Enter array size n to see step estimates and Big-O efficiency class.
Sorting Algorithm Complexity
Sorting is one of the most studied problems in computer science. The efficiency of a sorting algorithm is measured by how many operations it performs as input size n grows. This calculator shows estimated operation counts for five fundamental algorithms.
Time Complexity Summary
| Algorithm | Best Case | Average Case | Worst Case | Space | Stable |
|---|---|---|---|---|---|
| Bubble Sort | O(n) | O(n²) | O(n²) | O(1) | Yes |
| Insertion Sort | O(n) | O(n²) | O(n²) | O(1) | Yes |
| Selection Sort | O(n²) | O(n²) | O(n²) | O(1) | No |
| Merge Sort | O(n log n) | O(n log n) | O(n log n) | O(n) | Yes |
| Quicksort | O(n log n) | O(n log n) | O(n²) | O(log n) | No |
How the estimates are calculated:
- Bubble Sort: n × (n-1) / 2 comparisons on average
- Insertion Sort: n × (n-1) / 4 on average — roughly half of bubble sort
- Selection Sort: n × (n-1) / 2 always — no early exit optimization
- Merge Sort: n × log₂(n) operations consistently at every input size
- Quicksort: n × log₂(n) × 1.39 on average with a random pivot strategy
The n² vs n log n divide
For small arrays (n under 20), the simpler O(n²) algorithms are often faster in practice due to lower constant-factor overhead. At n = 100, the performance difference becomes visible. At n = 10,000, merge sort performs roughly 100 times fewer operations than bubble sort. At n = 1,000,000, the gap exceeds 50,000 times — making the choice of algorithm critical.
Stable vs unstable sorts
A stable sort preserves the original order of equal elements. Bubble, insertion, and merge sort are stable. Selection sort and standard quicksort are not — they may reorder equal elements.
Practical guidance
- Nearly sorted data: insertion sort is O(n) in the best case — very fast on presorted input.
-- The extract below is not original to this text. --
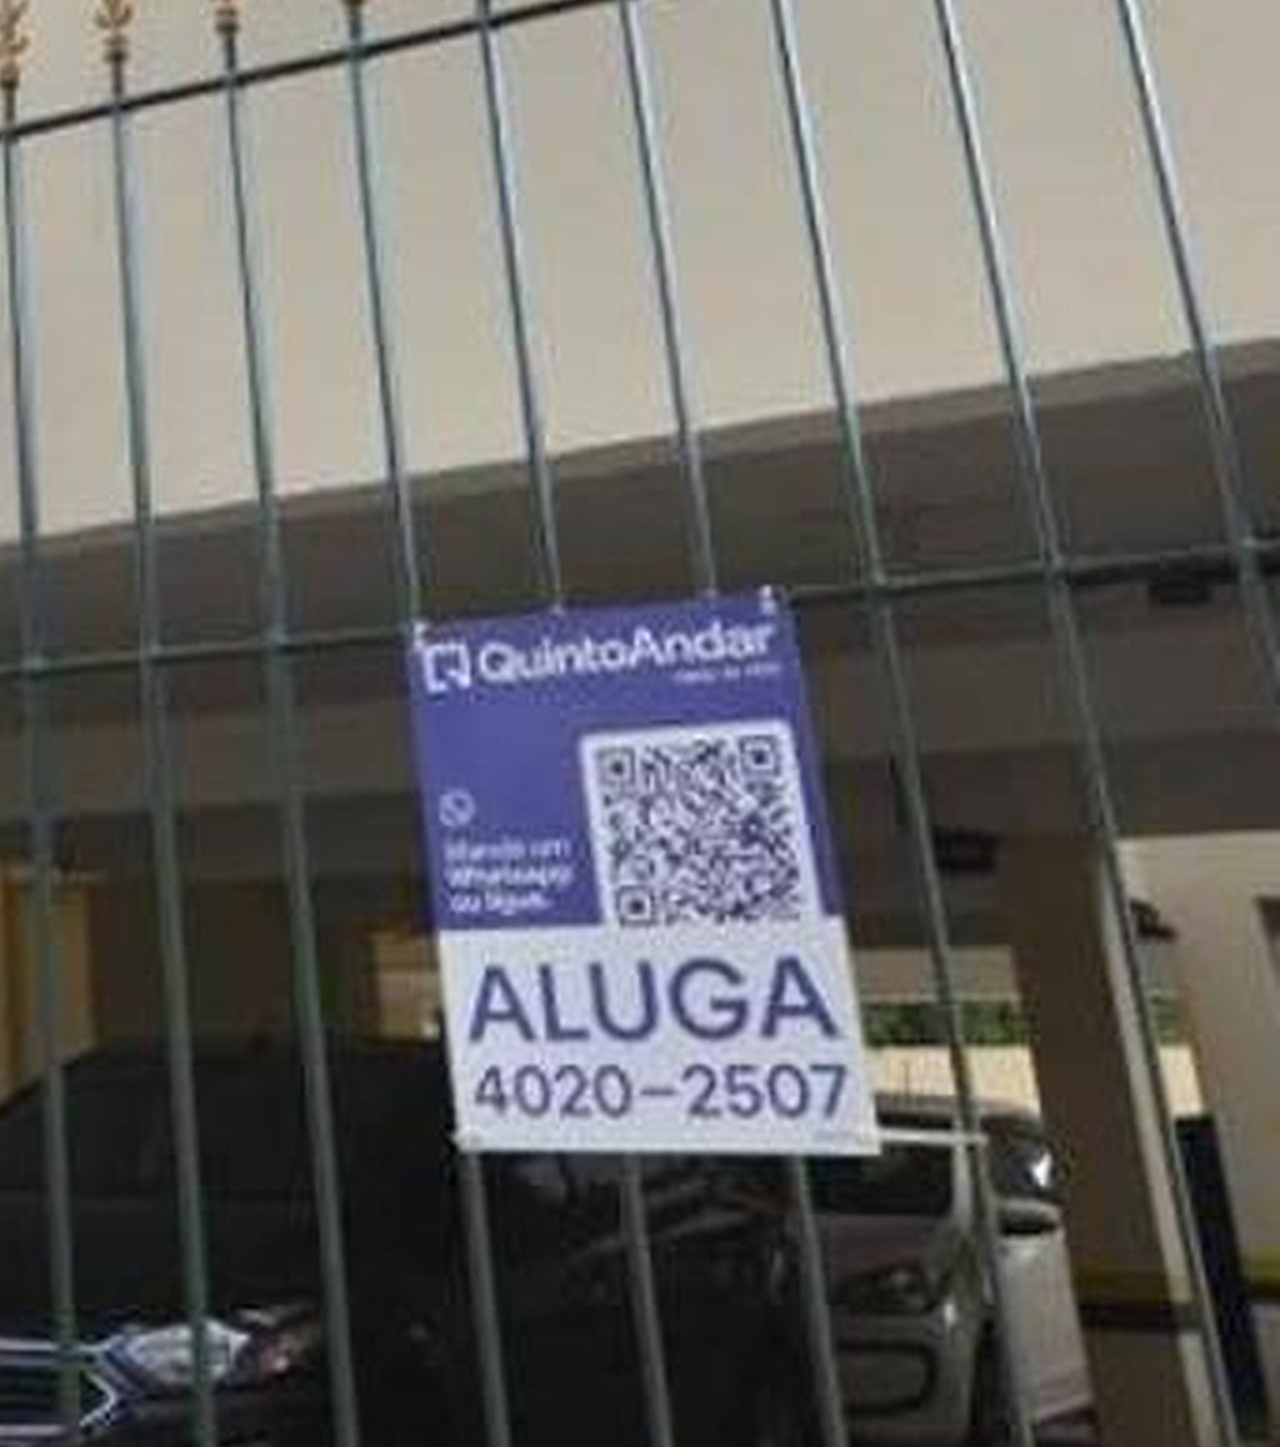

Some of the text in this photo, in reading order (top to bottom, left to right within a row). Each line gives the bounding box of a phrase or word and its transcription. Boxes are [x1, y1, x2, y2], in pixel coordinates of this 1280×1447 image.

- Need guaranteed O(n log n): use merge sort. Quicksort degrades to O(n²) on sorted input without randomization.
- Memory constrained: avoid merge sort (it needs O(n) extra space). Quicksort needs only O(log n).
- In production: most standard libraries use Timsort (merge + insertion hybrid) or Introsort (quicksort + heapsort fallback), which automatically adapt to input patterns.